■ Task to carry out: A faithful copy without images is required: write out all the records exactly.

■ Information:

────────────────────

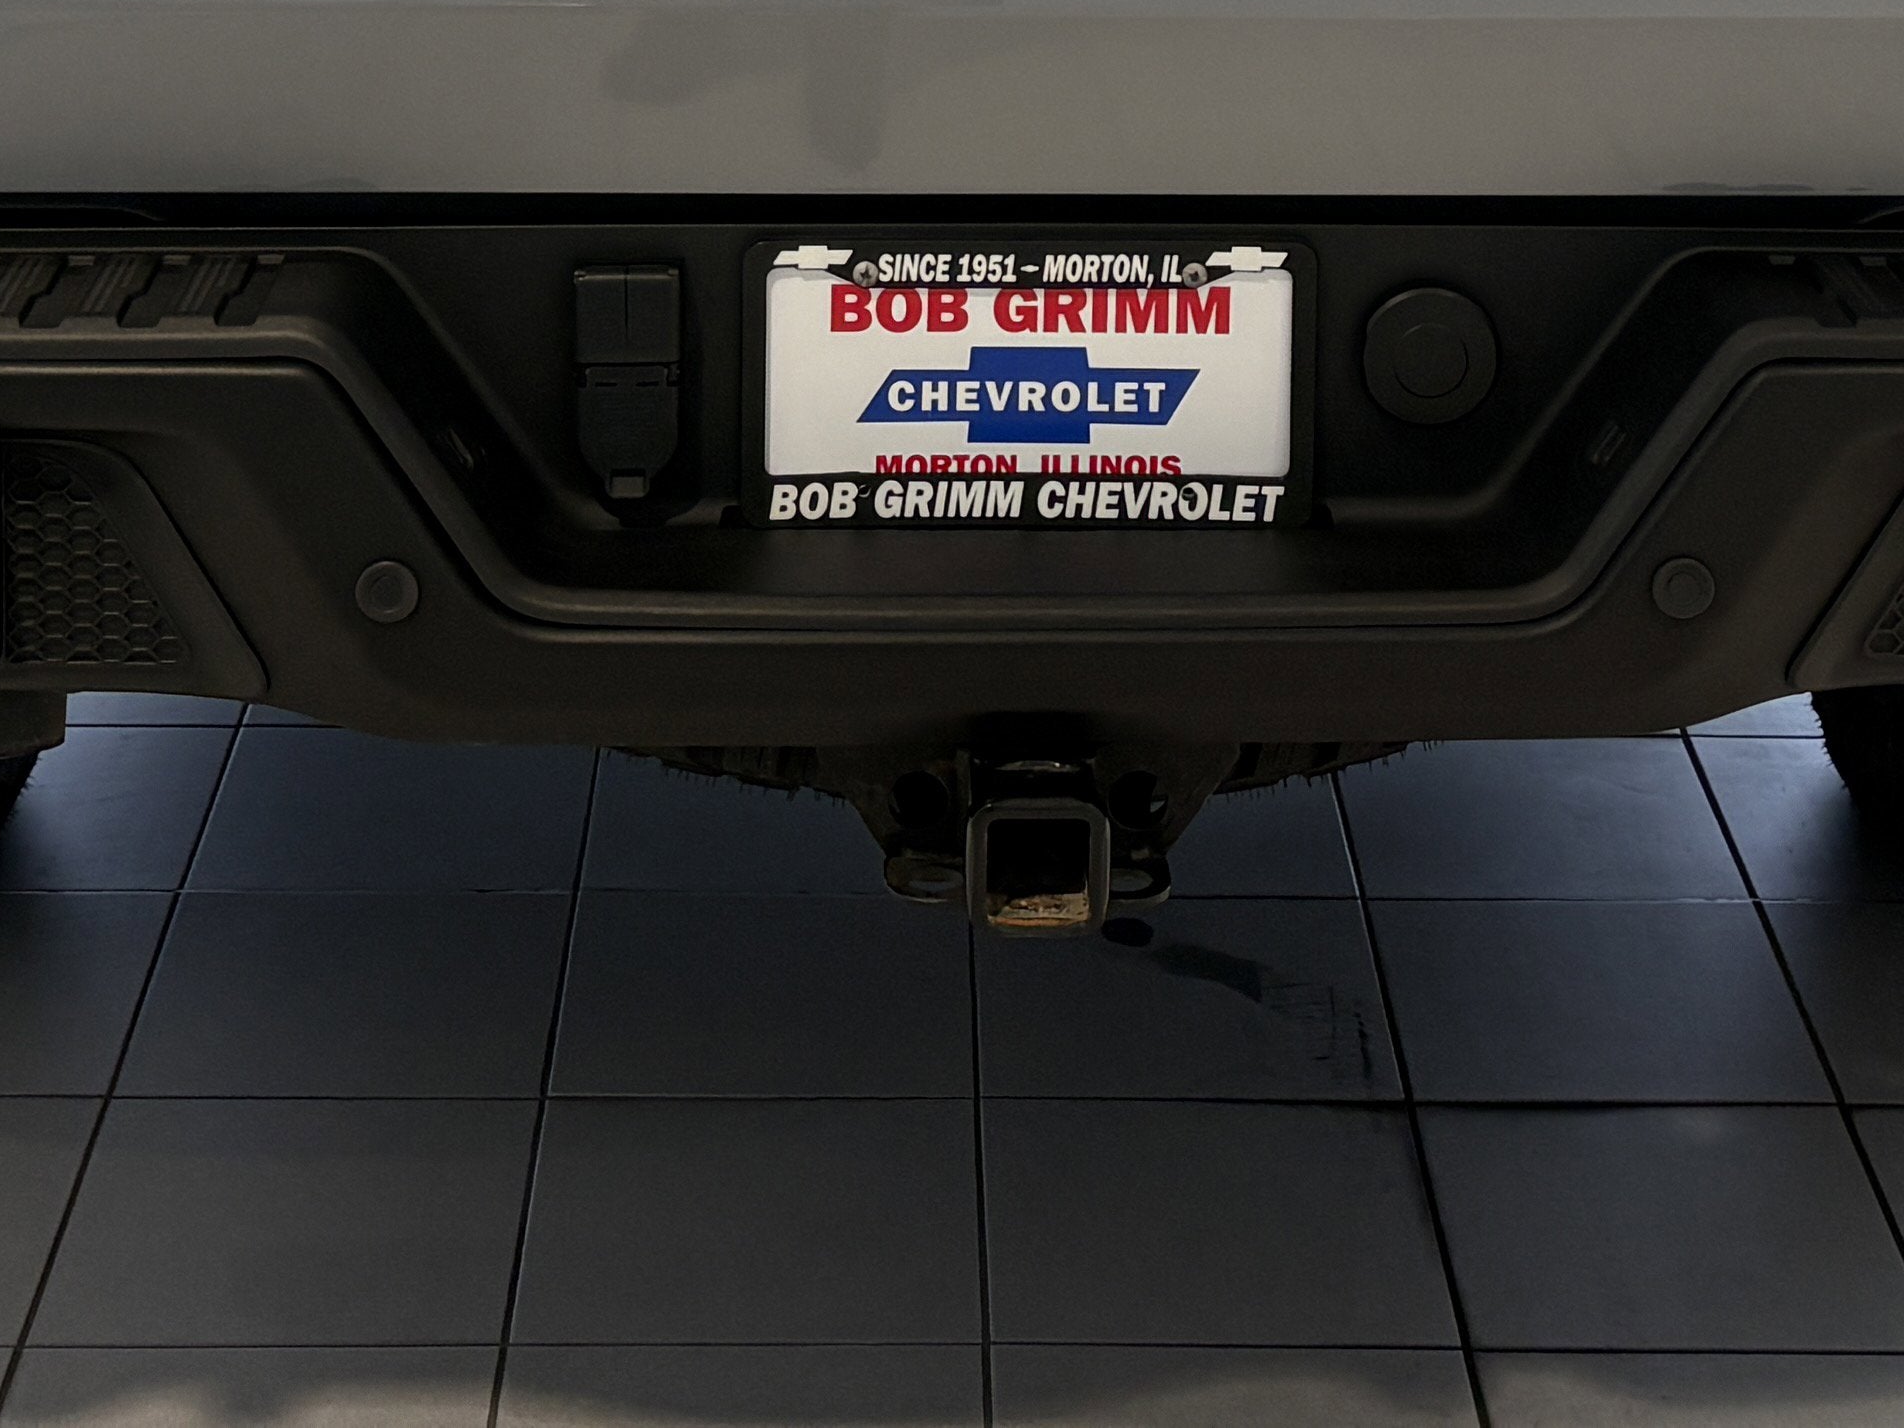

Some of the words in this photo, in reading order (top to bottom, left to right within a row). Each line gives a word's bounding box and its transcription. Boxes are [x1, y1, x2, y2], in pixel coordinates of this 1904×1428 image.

[878, 253, 951, 283] SINCE
[956, 253, 1017, 283] 1951
[1043, 254, 1154, 289] MORTON,
[1161, 254, 1182, 283] IL
[830, 284, 969, 332] BOB
[993, 287, 1231, 334] GRIMM
[887, 380, 1167, 413] CHEVROLET
[875, 455, 1017, 476] MORTON
[769, 482, 859, 520] BOB
[874, 479, 1024, 518] GRIMM
[1037, 480, 1285, 522] CHEVROLET
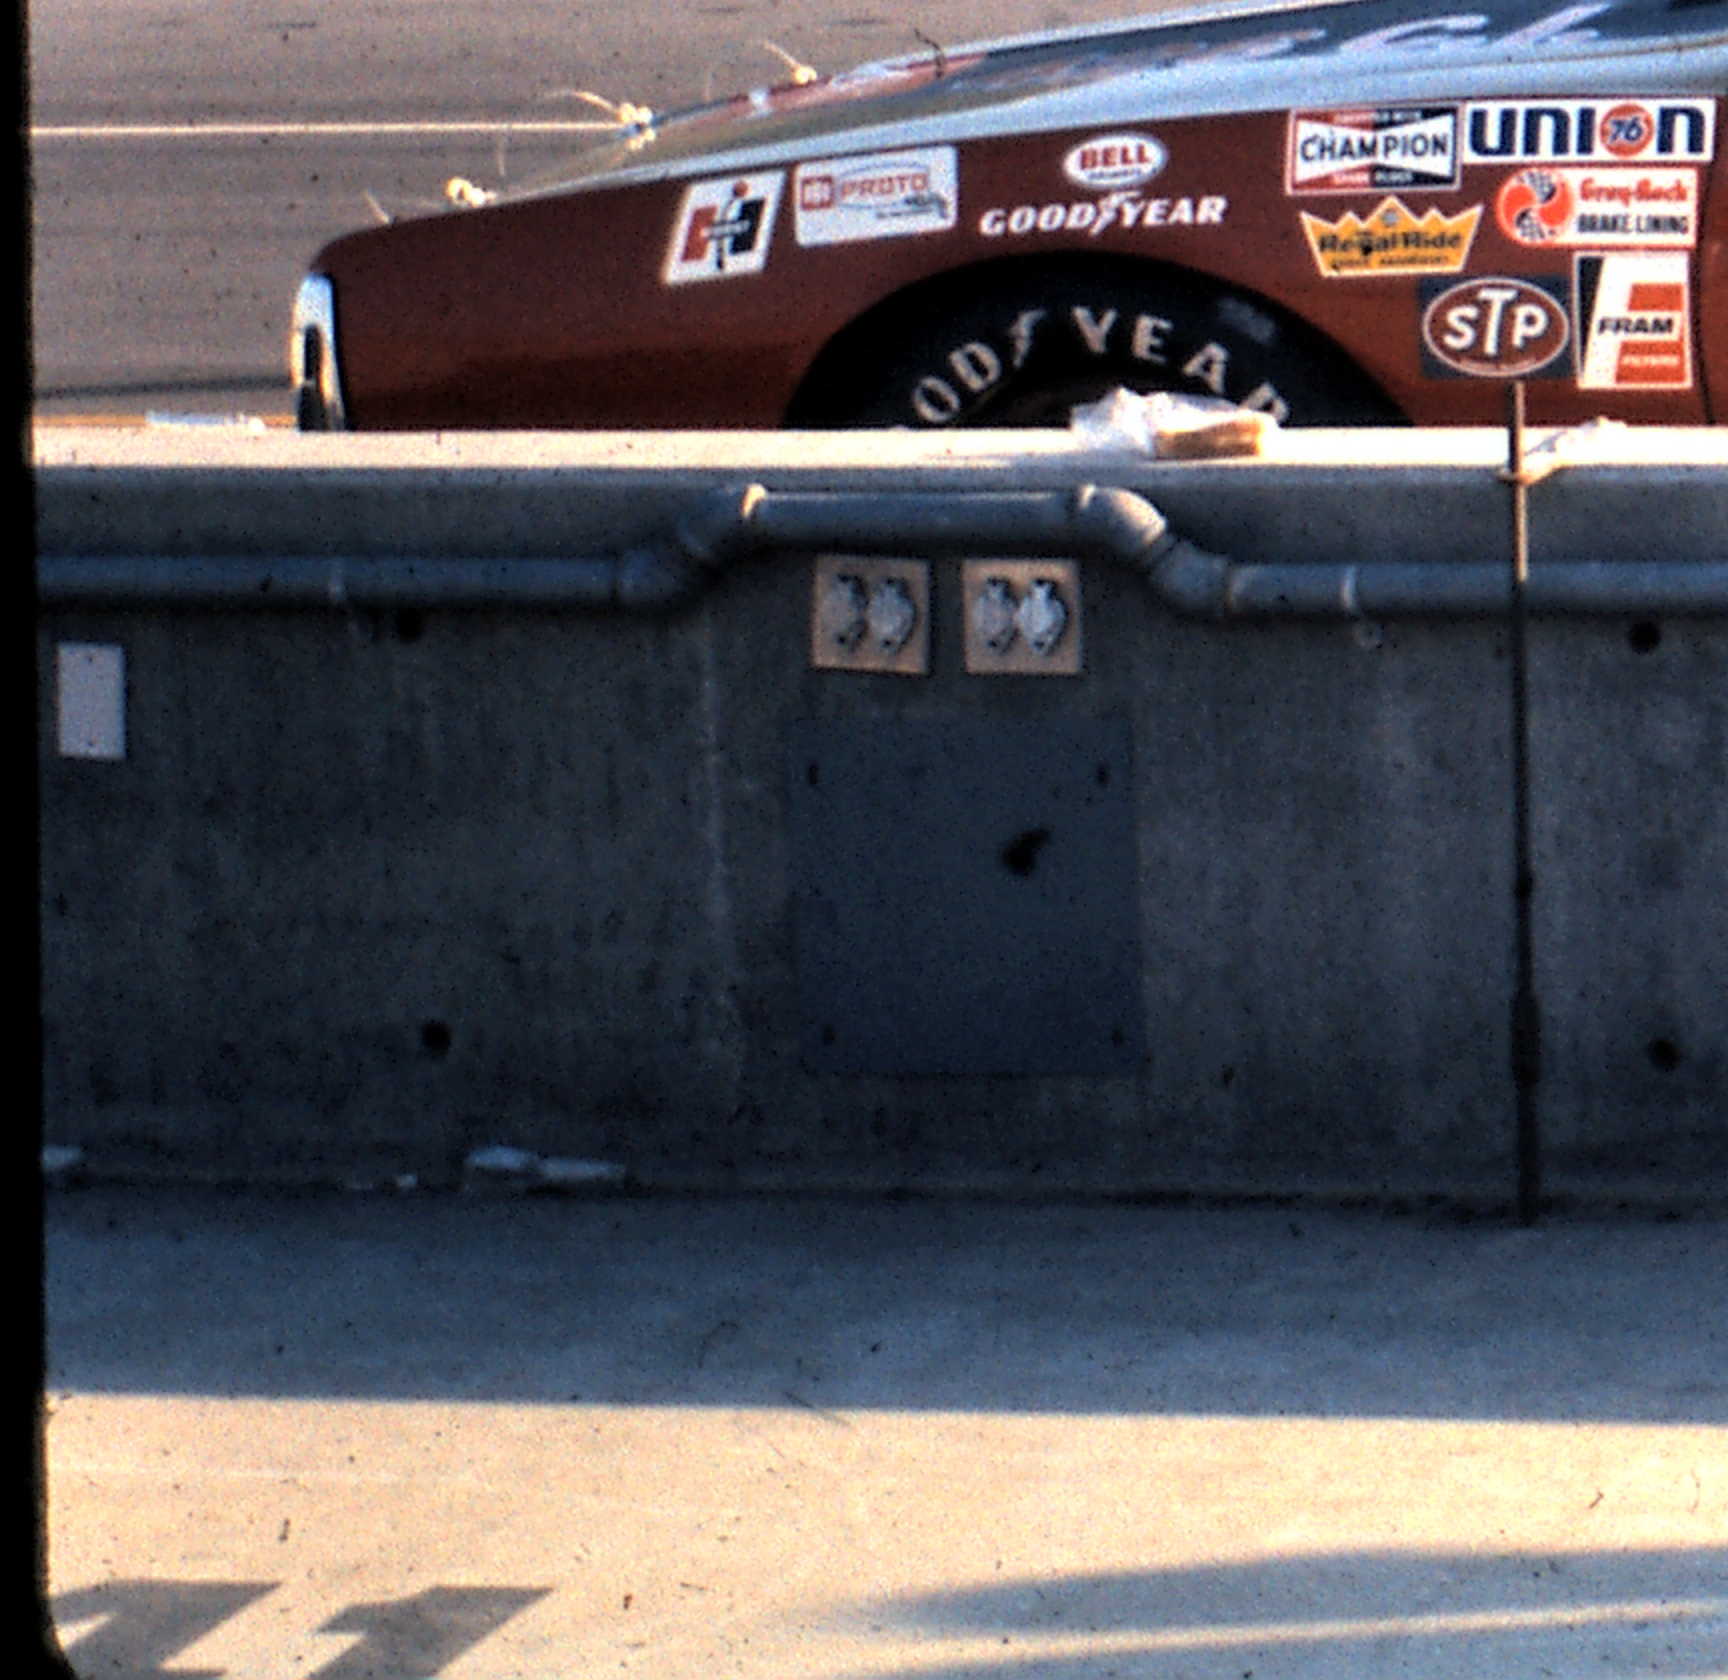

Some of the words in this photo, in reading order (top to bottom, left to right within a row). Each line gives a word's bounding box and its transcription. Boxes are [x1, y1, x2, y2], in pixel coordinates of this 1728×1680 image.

[1607, 116, 1644, 143] 76
[1080, 143, 1153, 171] BELL
[1301, 133, 1447, 161] CHAMPION
[841, 172, 929, 200] PROTO
[978, 192, 1228, 237] GOODYEAR
[1577, 213, 1632, 234] BRAKE
[1443, 288, 1549, 357] STP
[1597, 317, 1674, 335] FRAM
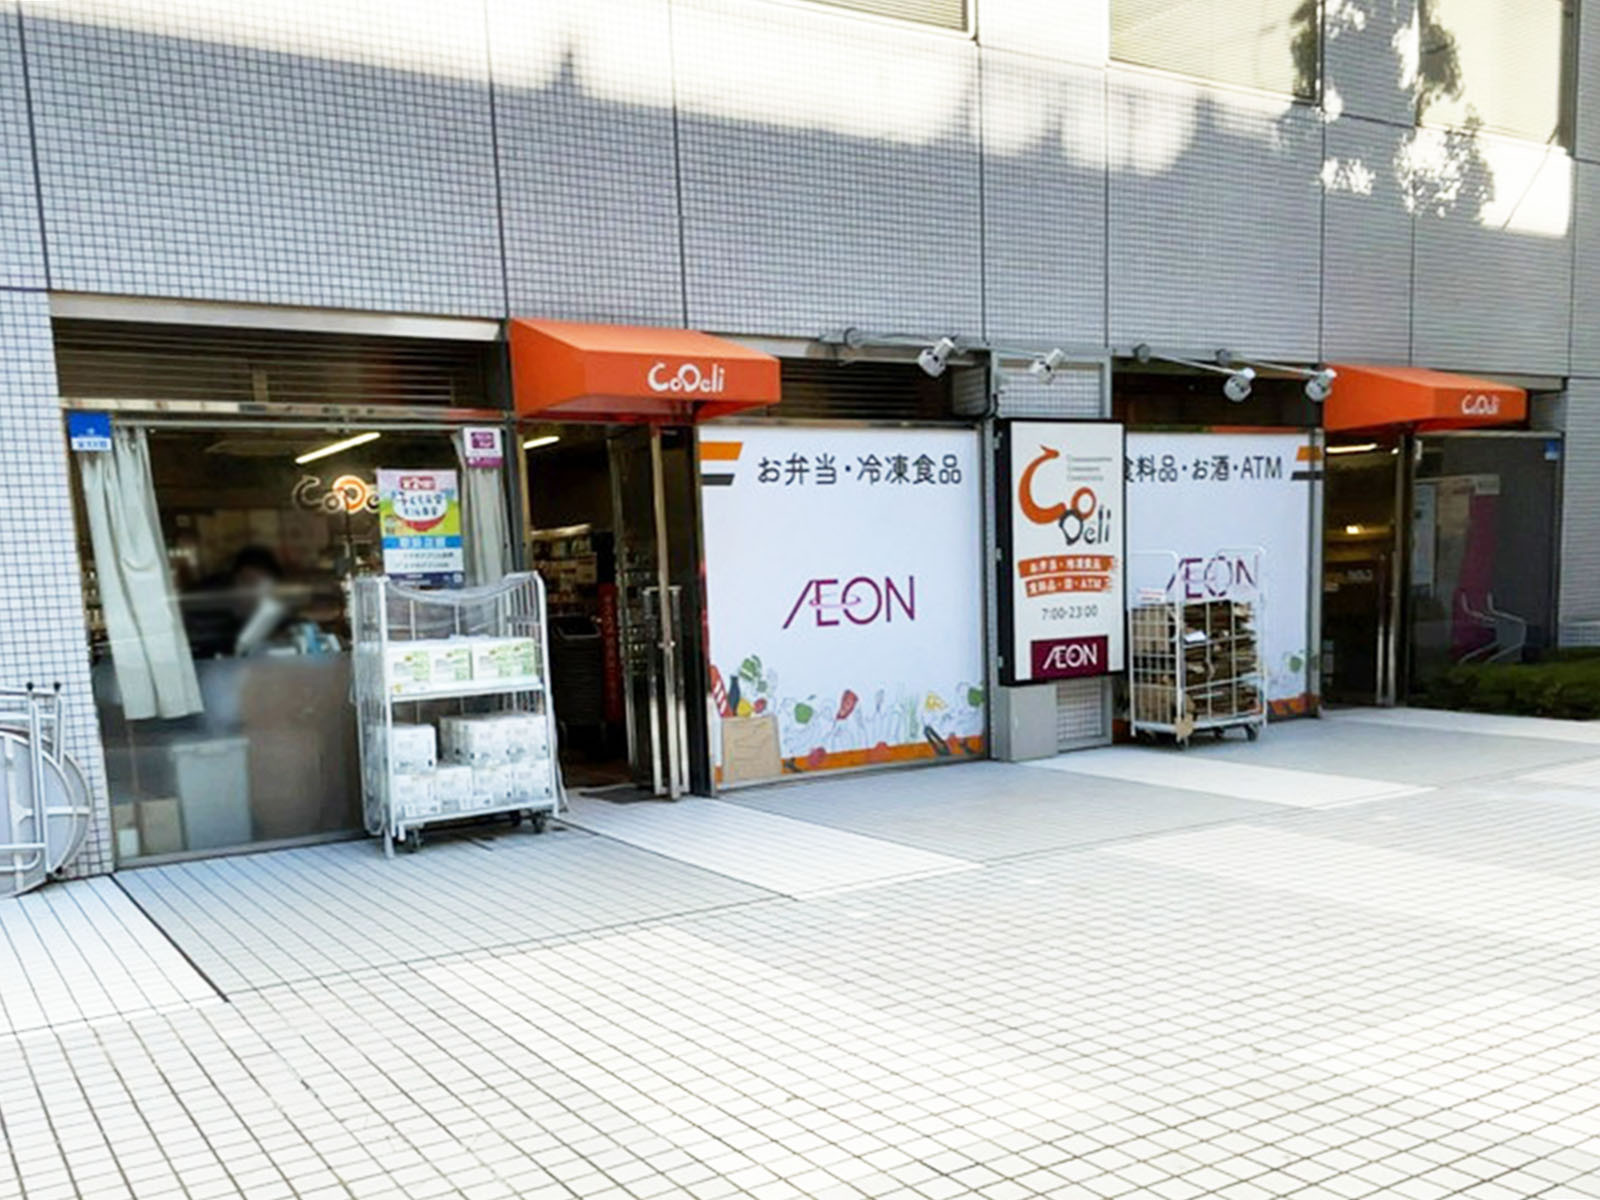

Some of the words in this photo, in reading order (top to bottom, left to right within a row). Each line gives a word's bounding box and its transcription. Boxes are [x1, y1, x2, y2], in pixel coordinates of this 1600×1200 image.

────────────────────

■ Task result:
Some of the words in this photo, in reading order (top to bottom, left to right within a row). Each line gives a word's bounding box and its transcription. Boxes are [x1, y1, x2, y2], in pixel coordinates of this 1904×1428 image.

[878, 253, 951, 283] SINCE
[956, 253, 1017, 283] 1951
[1043, 254, 1154, 289] MORTON,
[1161, 254, 1182, 283] IL
[830, 284, 969, 332] BOB
[993, 287, 1231, 334] GRIMM
[887, 380, 1167, 413] CHEVROLET
[875, 455, 1017, 476] MORTON
[769, 482, 859, 520] BOB
[874, 479, 1024, 518] GRIMM
[1037, 480, 1285, 522] CHEVROLET

Some of the words in this photo, in reading order (top to bottom, left to right within a row). Each line gives a word's bounding box and its transcription. Boxes are [x1, y1, x2, y2], in pixel coordinates of this 1728×1680 image.

[1607, 116, 1644, 143] 76
[1080, 143, 1153, 171] BELL
[1301, 133, 1447, 161] CHAMPION
[841, 172, 929, 200] PROTO
[978, 192, 1228, 237] GOODYEAR
[1577, 213, 1632, 234] BRAKE
[1443, 288, 1549, 357] STP
[1597, 317, 1674, 335] FRAM

Some of the words in this photo, in reading order (top to bottom, left to right within a row). Each line gives a word's bounding box and its transcription. Boxes are [x1, y1, x2, y2], in pixel coordinates of this 1600×1200 image.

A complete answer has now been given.